Consequently, those pursuing advanced nursing qualifications are restricted to borrowing a maximum of $100,000. Nursing organisations argue this sum is insufficient to cover the costs of some critical advanced programs, effectively blocking access to further education.

Lawmakers and Nurses Decry "Disrespectful" Policy

Leading the charge is GOP Representative Mike Lawler of New York. He is sponsoring legislation, alongside four other Republican colleagues, to add nursing to the Education Department's professional degrees list. This list also controversially omitted occupational therapy, social work, audiology, and physician assistant programs.

Lawler told Politico the fix was straightforward and "vital", especially amid a national healthcare shortage. He is joined by allies including Reps. Jen Kiggans of Virginia, a nurse practitioner, Don Bacon of Nebraska, and Brian Fitzpatrick and Rob Bresnahan of Pennsylvania.

This group was among 140 lawmakers who signed a bipartisan letter on 12 December urging the department to reconsider. The letter starkly warned that cutting off the student pipeline to these programs was ill-timed given the healthcare crisis.

Representative Kiggans was particularly scathing, stating she directly told Education Undersecretary Nicholas Kent in November that the exclusion was "not inclusive of nurses" and was "disrespectful to nurses." She emphasised the acute nursing shortage facing the nation.

Nursing Bodies Warn of Threat to Patient Care

The policy has drawn fierce condemnation from leading nursing associations. Jennifer Mensik Kennedy, president of the American Nurses Association, said limiting funding for graduate nursing education "threatens the very foundation of patient care" during a historic shortage.

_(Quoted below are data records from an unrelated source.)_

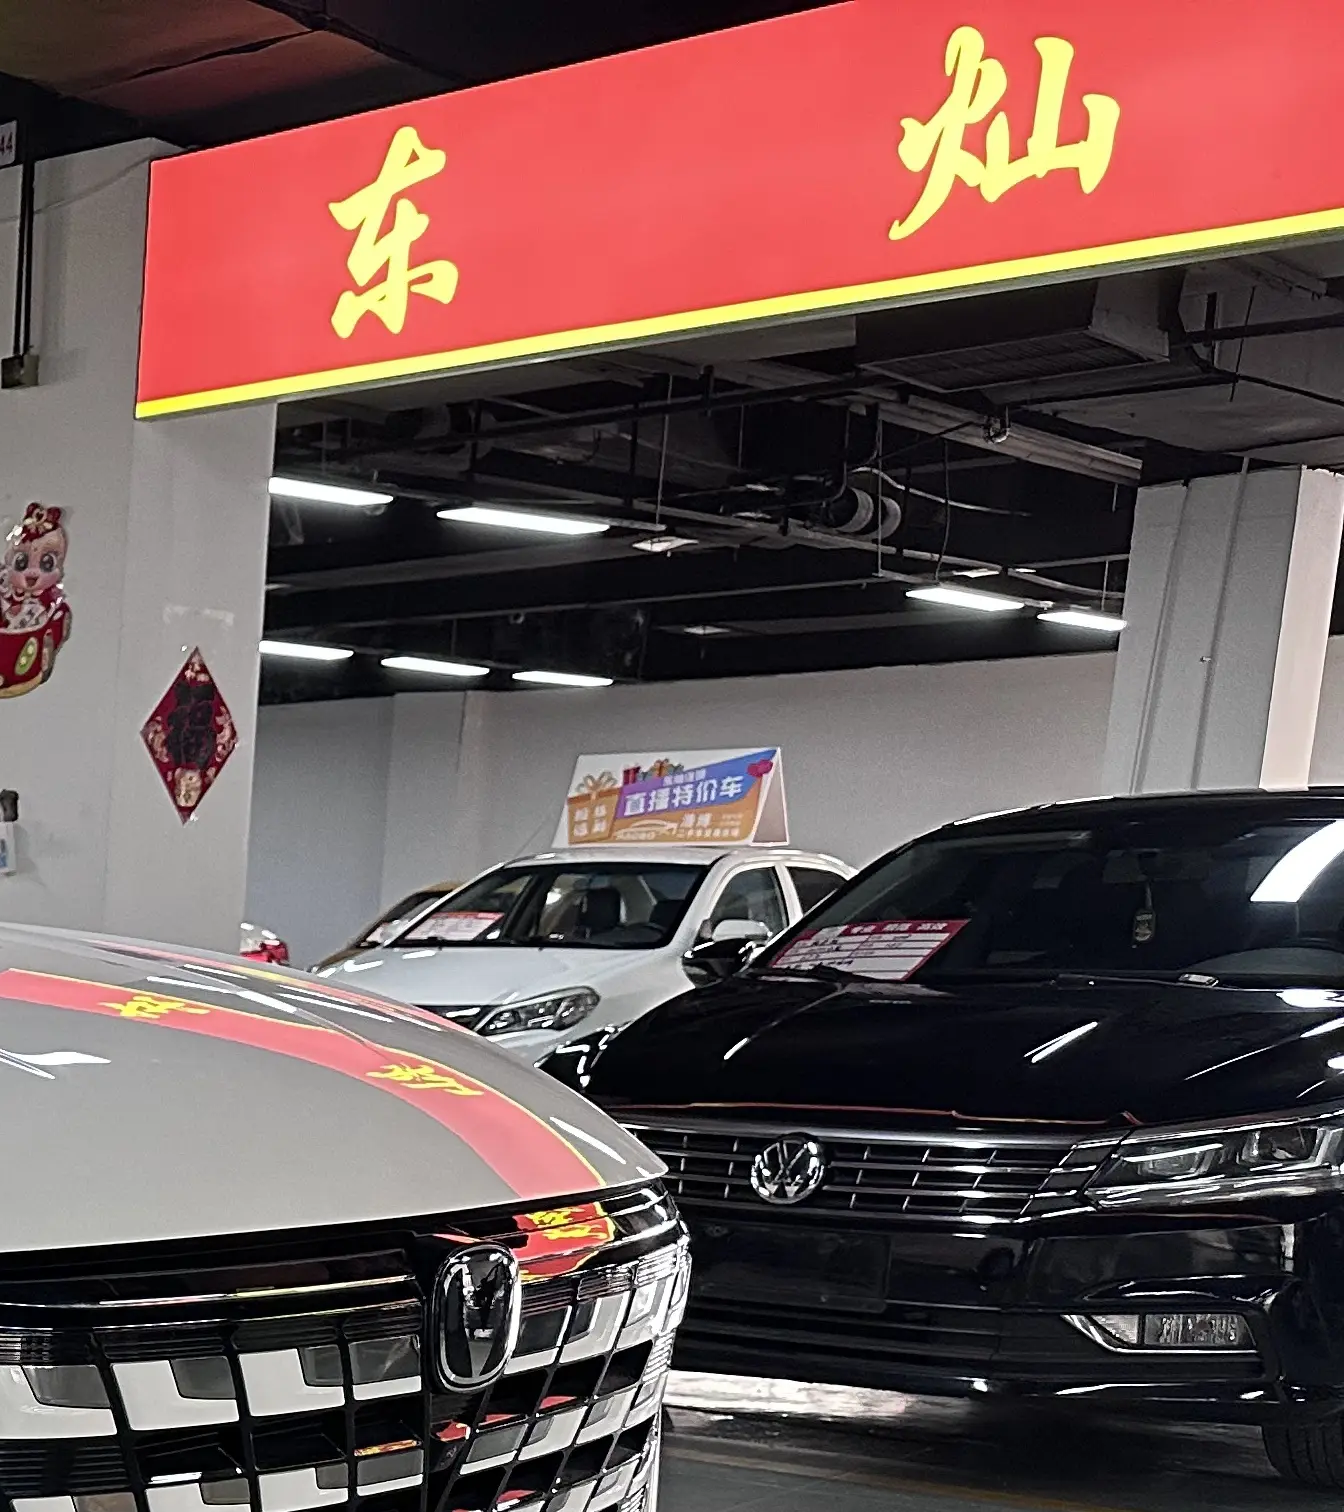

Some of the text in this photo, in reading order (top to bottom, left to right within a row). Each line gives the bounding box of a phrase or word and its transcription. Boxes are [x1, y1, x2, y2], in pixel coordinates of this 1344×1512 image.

[328, 24, 1122, 339] 东 灿
[623, 775, 744, 816] 直播特价车
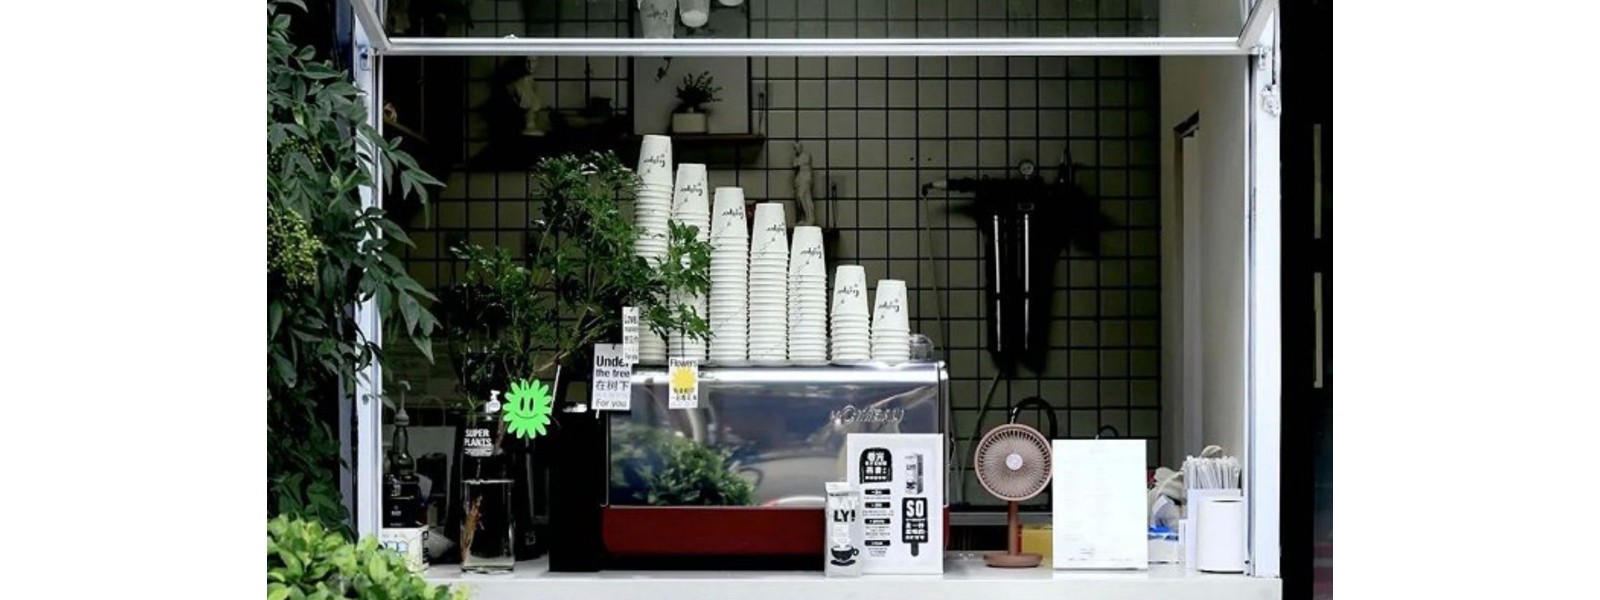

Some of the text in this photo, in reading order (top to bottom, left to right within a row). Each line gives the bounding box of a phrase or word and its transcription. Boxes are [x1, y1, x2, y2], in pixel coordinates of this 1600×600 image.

[596, 356, 629, 367] Unde
[596, 369, 630, 378] the tree
[596, 381, 629, 391] 在树下
[465, 428, 490, 437] SUPER
[464, 438, 492, 446] PLANTS
[906, 500, 924, 518] SO
[834, 509, 856, 522] LY!

Similarly, the American Association of Colleges of Nursing argued the move disregards decades of progress toward parity in health professions. Mary Turner, RN, president of National Nurses United, told The Independent the administration's priorities were "at odds with the needs of nurses and patients," criticising it for making education harder to access.

In response to the backlash, the Education Department issued a statement claiming "95 percent of nursing students" borrow below the annual limit and are unaffected. Press Secretary Ellen Keast clarified the "professional degree" tag was an internal definition for loan limits, not a value judgement, and noted Congress could amend the law.

If unchanged, the new measures are scheduled to take effect from 1 July 2026.